Log Cabin Chronicles

Vermont Yankee Nuclear Power - All Fall Down?

Publisher, The Chronicle
Barton, Vermont

POSTED: 09.18.06

Burrowing through our own archives back to 1983, we found a story about Vermont Yankee. The Legislature was worried that, when the plant shut down in 2007, there wouldn't be any money set aside to clean up the mess.

The proposal would have taxed the ratepayers who burn Vermont Yankee power to build a $423-million "decommissioning" fund. We noted that the bill to users of Orleans Village power would top $400,000 over the following 20 years. Barton Village's power customers wouldn't pay anything towards Yankee's retirement. When the state's utilities were being wooed as investor-owners of the nuclear plant, which opened in 1972, Barton Electric had the wisdom to say "No thank you."

Anyway, the interesting thing to us about this old news is that, according to the license it had in 1983, Vermont Yankee should shut down this year.

Instead, as we all know, its new owners have won permission to increase its power output by 20 percent, and extend its life to 2012. The owner, Entergy Vermont, is pushing hard to extend Yankee's license yet another 20 years, to 2032.

Meanwhile we're treated to pictures of water pouring from a collapsed cooling tower structure at the plant, and news that a stuck valve has, more recently, forced the plant to shut down again.

We're told that, as our friend and columnist Loudon Young liked to say about a sick cow, these injuries aren't very close to the plant's heart - that nothing like a nuclear accident occurred, or was threatened.

But it seems pretty obvious that the damn thing is falling down. It's old. It's past its design life. Bits and pieces are falling off or rusting shut.
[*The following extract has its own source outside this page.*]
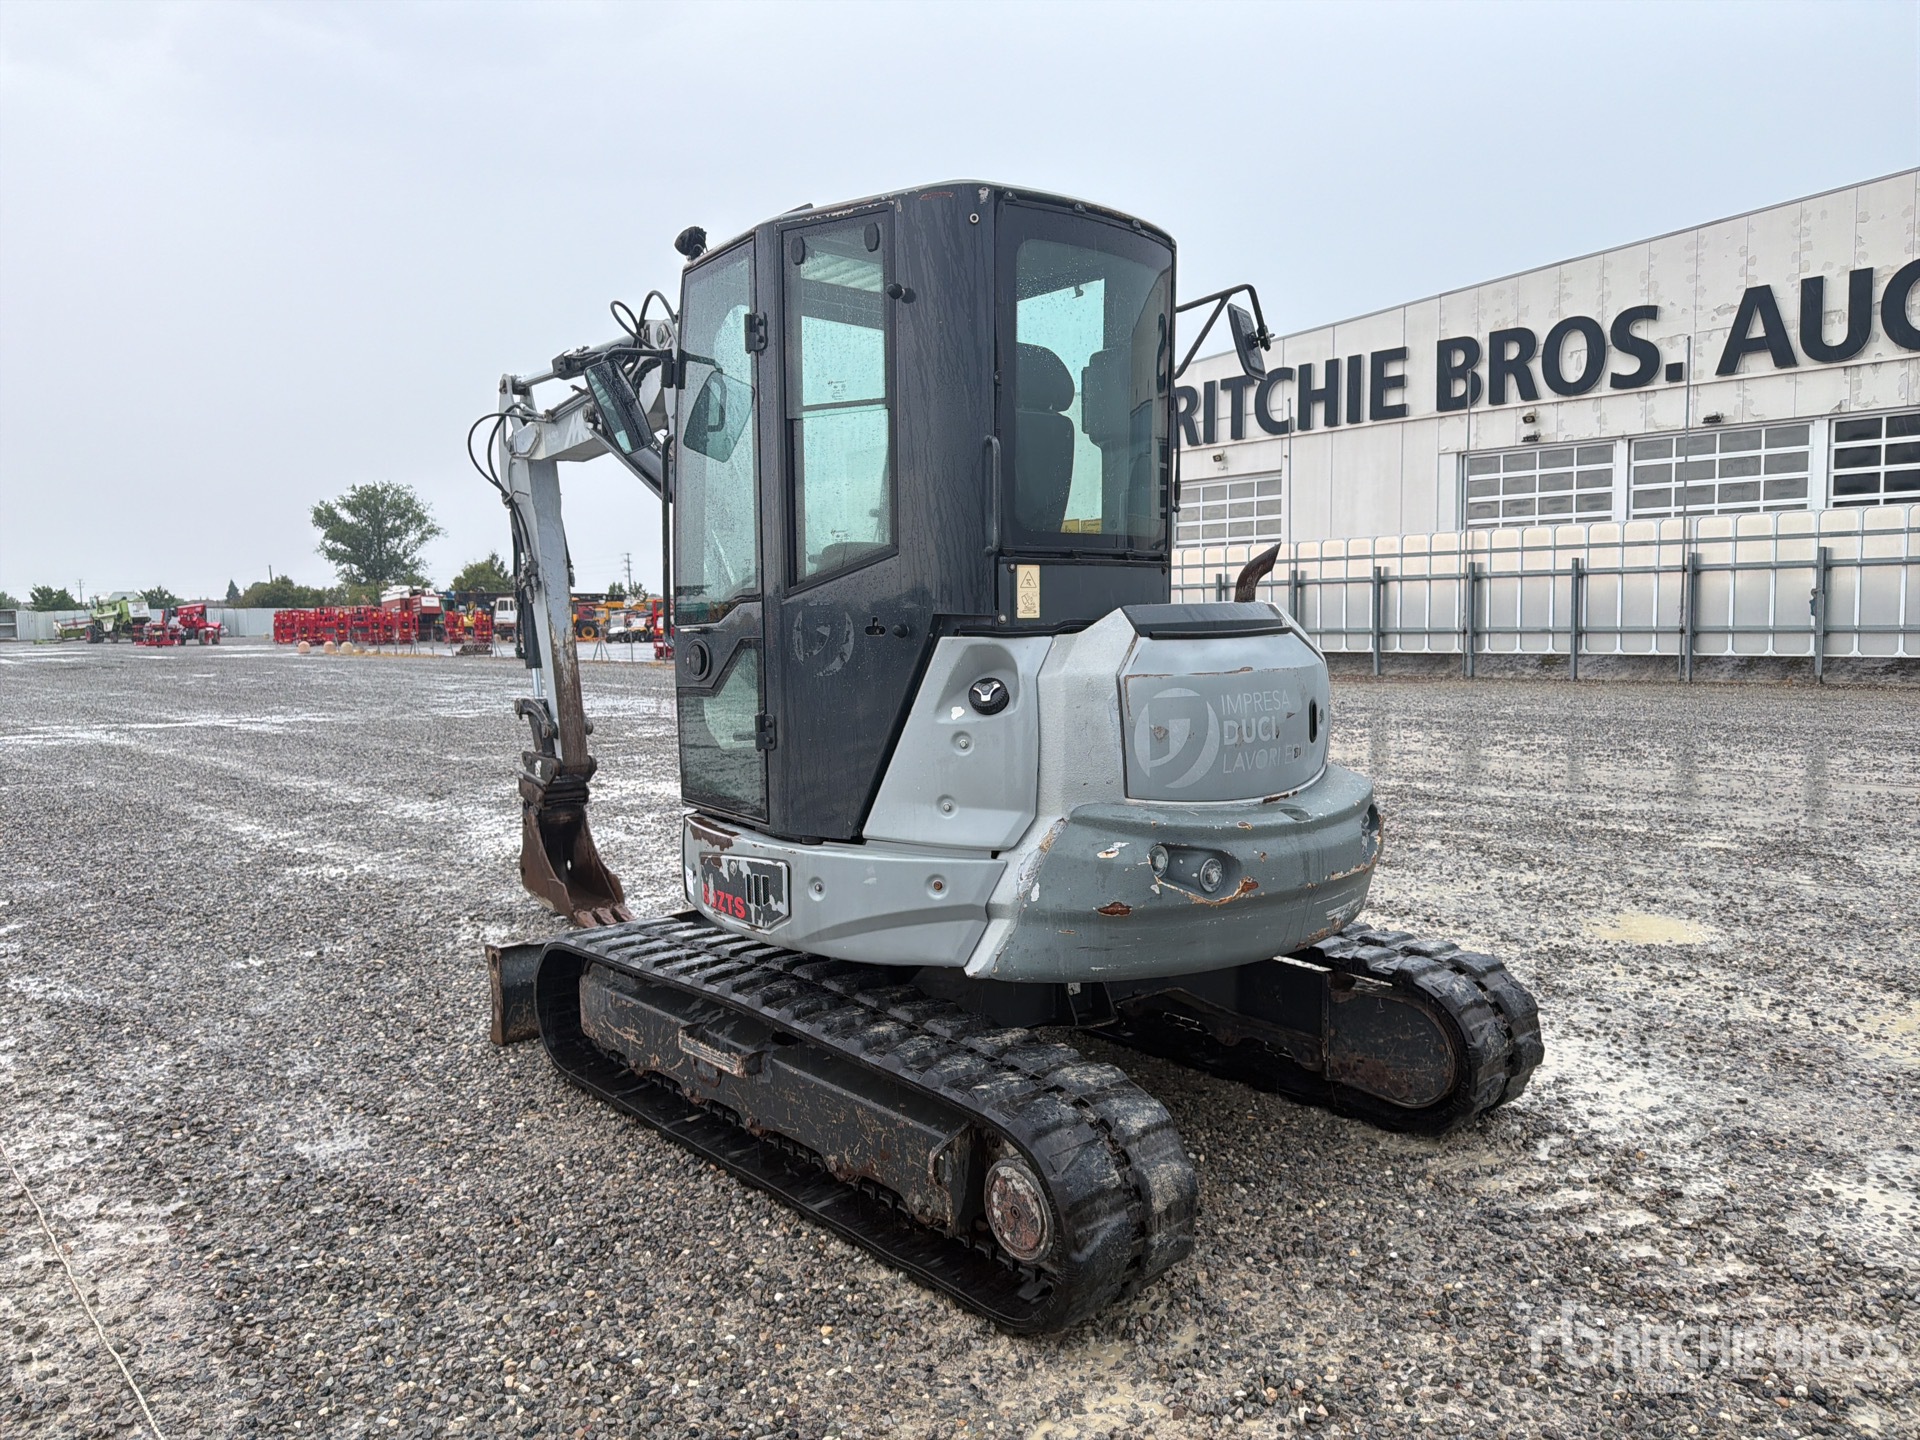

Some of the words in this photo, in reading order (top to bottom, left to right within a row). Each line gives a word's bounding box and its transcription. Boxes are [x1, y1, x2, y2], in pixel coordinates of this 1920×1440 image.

[1174, 346, 1409, 447] RITCHIE
[1436, 304, 1685, 412] BROS.
[1220, 689, 1290, 716] IMPRESA
[1223, 746, 1281, 774] LAVORI
And what's going on in this creaky structure is nuclear fission, a process second only to fusion in its ability to release enormous quantities of energy from a frighteningly small amount of stuff - not to mention dangerous radiation.

A nuclear plant isn't like an old pickup we can nurse over the back roads until the floorboards rust out or a wheel falls off. It's more like an airplane - with no safe compromise between being in prime working order and unfit to fly.
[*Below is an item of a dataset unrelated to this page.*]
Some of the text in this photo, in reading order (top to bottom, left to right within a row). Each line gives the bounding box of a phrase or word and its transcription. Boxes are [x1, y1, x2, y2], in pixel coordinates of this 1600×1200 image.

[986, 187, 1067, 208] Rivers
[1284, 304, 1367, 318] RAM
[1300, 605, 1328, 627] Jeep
Even a "minor," nonfatal nuclear mishap could have enormous economic consequences for the "Green Mountain State," the place with no billboards and clean air and placid cows turning out organic milk that we process into gourmet cheeses. How would "America's Chernobyl" look on a license plate?

Why are we helpless witnesses to this folly?

Money is one good answer. Poor planning might be another.

The consortium of utilities that formed Vermont Yankee Nuclear Power Corporation to build and run the plant sold it in 2002, as it neared the end of its reasonable life span. When it bought the old plant, Entergy must have gambled that it could squeeze a lot more power out of it than it had been designed for. So far, it's been a good bet.

Officially, Vermont seems to have been a passive partner in this gamble - an enabler, in the language of substance abuse.

Maybe the fact that we haven't come up with an alternative power source has something to do with it. Vermont Yankee is said to supply a third of our electricity. That would be expensive to replace on the open market.

But whatever we have to do to keep the lights on, coaxing power out of an aging, unsafe nuclear plant shouldn't be on the list of possibilities.

Senator Bernie Sanders and Congressman Peter Welch are both calling for a bill that would give states the power to order an independent safety assessment of nuclear plants that seek to exceed their design limits in terms of output or years of operation.

That would be at least a good start toward bringing Vermont's runaway reactor under control.